● PROBLEM TO WORK ON: Could you repeat the records below exactly as written?

START DATA SECTION

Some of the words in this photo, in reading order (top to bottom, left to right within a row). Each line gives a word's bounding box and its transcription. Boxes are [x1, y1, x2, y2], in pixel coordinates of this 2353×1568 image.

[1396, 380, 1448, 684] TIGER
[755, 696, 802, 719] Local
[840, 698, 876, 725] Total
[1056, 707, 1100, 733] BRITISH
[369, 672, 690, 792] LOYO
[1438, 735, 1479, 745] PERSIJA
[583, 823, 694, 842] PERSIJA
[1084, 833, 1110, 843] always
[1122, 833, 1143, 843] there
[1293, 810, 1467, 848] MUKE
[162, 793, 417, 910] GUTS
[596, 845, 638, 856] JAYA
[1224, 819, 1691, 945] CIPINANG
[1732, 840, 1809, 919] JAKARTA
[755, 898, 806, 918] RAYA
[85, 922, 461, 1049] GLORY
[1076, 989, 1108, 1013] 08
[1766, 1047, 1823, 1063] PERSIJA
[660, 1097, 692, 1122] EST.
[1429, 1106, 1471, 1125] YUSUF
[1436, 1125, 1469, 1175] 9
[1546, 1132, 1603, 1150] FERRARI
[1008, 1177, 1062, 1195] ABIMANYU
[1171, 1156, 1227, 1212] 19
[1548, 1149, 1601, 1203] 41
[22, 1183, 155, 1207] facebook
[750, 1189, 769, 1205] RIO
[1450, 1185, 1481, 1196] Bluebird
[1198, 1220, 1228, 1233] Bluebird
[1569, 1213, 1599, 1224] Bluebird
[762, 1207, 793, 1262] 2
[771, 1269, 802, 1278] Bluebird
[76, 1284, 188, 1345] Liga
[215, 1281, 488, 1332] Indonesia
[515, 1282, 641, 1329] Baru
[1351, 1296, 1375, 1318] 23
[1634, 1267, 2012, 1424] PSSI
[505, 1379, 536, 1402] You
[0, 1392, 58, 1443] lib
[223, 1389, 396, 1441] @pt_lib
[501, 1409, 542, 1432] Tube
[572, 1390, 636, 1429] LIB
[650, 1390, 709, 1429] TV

END DATA SECTION

● RESULT:
Some of the words in this photo, in reading order (top to bottom, left to right within a row). Each line gives a word's bounding box and its transcription. Boxes are [x1, y1, x2, y2], in pixel coordinates of this 2353×1568 image.

[1396, 380, 1448, 684] TIGER
[755, 696, 802, 719] Local
[840, 698, 876, 725] Total
[1056, 707, 1100, 733] BRITISH
[369, 672, 690, 792] LOYO
[1438, 735, 1479, 745] PERSIJA
[583, 823, 694, 842] PERSIJA
[1084, 833, 1110, 843] always
[1122, 833, 1143, 843] there
[1293, 810, 1467, 848] MUKE
[162, 793, 417, 910] GUTS
[596, 845, 638, 856] JAYA
[1224, 819, 1691, 945] CIPINANG
[1732, 840, 1809, 919] JAKARTA
[755, 898, 806, 918] RAYA
[85, 922, 461, 1049] GLORY
[1076, 989, 1108, 1013] 08
[1766, 1047, 1823, 1063] PERSIJA
[660, 1097, 692, 1122] EST.
[1429, 1106, 1471, 1125] YUSUF
[1436, 1125, 1469, 1175] 9
[1546, 1132, 1603, 1150] FERRARI
[1008, 1177, 1062, 1195] ABIMANYU
[1171, 1156, 1227, 1212] 19
[1548, 1149, 1601, 1203] 41
[22, 1183, 155, 1207] facebook
[750, 1189, 769, 1205] RIO
[1450, 1185, 1481, 1196] Bluebird
[1198, 1220, 1228, 1233] Bluebird
[1569, 1213, 1599, 1224] Bluebird
[762, 1207, 793, 1262] 2
[771, 1269, 802, 1278] Bluebird
[76, 1284, 188, 1345] Liga
[215, 1281, 488, 1332] Indonesia
[515, 1282, 641, 1329] Baru
[1351, 1296, 1375, 1318] 23
[1634, 1267, 2012, 1424] PSSI
[505, 1379, 536, 1402] You
[0, 1392, 58, 1443] lib
[223, 1389, 396, 1441] @pt_lib
[501, 1409, 542, 1432] Tube
[572, 1390, 636, 1429] LIB
[650, 1390, 709, 1429] TV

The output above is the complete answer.